The Souffle That Almost Ate Los Alamitos

She is Perfection!

The Ever-Increasing Souffle

Chocolate souffle

So... what is the story?  Sue and I make a Chocolate Souffle and it's in the oven... we are tip-toeing around the kitchen to make sure it does not fall... and when we peek into the oven, it looks like the BLOB! 

We picked up the part that ran over the top and was spilling onto the bottom of the oven, waited a few minutes and it DID IT, and AGAIN, and AGAIN!!!

We laughed so hard we nearly dropped the silly things on the floor!

Souffle's can never again be a serious desert!

A soufflé is a light, fluffy, baked dish made with egg yolks and beaten egg whites combined with various other ingredients and served as a savory main dish or sweetened as a dessert . The word soufflé is the past participle of the French verb souffler which means "to blow up" or more loosely "puff up" — an apt description of what happens to this combination of custard and egg whites.

Every soufflé is made from 2 basic components:

  1. a base of flavored cream sauce or purée
  2. beaten egg whites.

The base provides the flavor and the whites provide the "lift". Foods commonly used for the base in a soufflé include cheese , chocolate , and lemon (the last two are used for desserts, often with a good deal of sugar ).

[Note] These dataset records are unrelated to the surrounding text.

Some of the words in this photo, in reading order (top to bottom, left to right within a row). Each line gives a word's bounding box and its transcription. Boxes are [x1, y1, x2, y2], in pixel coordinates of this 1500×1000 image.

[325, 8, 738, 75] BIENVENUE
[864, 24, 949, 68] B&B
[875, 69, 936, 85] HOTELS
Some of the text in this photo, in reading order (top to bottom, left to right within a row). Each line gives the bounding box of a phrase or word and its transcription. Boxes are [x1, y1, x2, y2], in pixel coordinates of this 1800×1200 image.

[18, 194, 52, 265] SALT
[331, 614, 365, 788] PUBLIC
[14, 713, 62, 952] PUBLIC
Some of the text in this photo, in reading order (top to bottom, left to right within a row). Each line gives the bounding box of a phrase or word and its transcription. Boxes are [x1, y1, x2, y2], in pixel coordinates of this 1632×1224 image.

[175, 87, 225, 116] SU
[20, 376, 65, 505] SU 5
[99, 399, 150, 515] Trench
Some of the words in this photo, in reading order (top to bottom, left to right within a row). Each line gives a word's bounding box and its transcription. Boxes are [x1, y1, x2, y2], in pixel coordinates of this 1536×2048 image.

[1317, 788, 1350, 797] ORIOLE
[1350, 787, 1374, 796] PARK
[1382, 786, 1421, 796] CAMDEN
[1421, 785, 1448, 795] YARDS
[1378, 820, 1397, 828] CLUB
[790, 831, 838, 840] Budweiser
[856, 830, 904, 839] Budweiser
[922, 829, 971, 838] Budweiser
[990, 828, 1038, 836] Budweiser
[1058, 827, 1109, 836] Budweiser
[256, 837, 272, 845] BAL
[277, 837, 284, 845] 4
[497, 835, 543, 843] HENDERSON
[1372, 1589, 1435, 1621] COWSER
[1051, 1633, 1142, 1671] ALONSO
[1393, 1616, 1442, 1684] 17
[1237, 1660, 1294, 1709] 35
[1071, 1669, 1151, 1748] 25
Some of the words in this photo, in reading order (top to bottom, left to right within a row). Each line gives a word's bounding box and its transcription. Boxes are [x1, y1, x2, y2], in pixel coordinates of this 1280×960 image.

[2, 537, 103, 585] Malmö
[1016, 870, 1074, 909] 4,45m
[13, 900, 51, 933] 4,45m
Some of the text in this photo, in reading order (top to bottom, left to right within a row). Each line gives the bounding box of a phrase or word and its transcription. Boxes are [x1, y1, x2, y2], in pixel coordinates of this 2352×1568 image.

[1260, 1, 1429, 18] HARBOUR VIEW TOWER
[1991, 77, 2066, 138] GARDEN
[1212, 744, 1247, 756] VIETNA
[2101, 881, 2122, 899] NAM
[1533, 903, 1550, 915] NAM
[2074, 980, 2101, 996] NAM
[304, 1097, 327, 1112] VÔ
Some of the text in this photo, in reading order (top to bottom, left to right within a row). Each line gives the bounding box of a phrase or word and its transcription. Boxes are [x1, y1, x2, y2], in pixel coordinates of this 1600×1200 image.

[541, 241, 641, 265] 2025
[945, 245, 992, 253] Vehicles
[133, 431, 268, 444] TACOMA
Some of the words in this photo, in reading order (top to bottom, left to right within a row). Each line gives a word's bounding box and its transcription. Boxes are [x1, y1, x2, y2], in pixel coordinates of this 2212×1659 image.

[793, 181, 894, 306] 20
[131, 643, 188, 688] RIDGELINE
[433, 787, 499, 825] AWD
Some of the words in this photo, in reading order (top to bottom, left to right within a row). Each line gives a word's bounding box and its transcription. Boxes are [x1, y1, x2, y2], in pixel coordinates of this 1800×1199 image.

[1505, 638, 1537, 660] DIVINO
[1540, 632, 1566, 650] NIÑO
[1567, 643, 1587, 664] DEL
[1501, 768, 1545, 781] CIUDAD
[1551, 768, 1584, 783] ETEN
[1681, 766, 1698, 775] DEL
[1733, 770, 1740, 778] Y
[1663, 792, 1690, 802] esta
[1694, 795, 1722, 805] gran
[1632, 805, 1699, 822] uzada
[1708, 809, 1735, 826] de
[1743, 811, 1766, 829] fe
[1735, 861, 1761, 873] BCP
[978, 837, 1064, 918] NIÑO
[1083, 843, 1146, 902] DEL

When it comes out of the oven, a soufflé is very large and fluffy, and will generally fall after 5 or 10 minutes (as risen dough does).

Soufflés can be made in containers of all shapes and sizes but it is traditional to make soufflé in "soufflé cups" or ramekins . These containers vary greatly in size, but are typically white, round containers with unglazed bottoms and fluted exterior borders.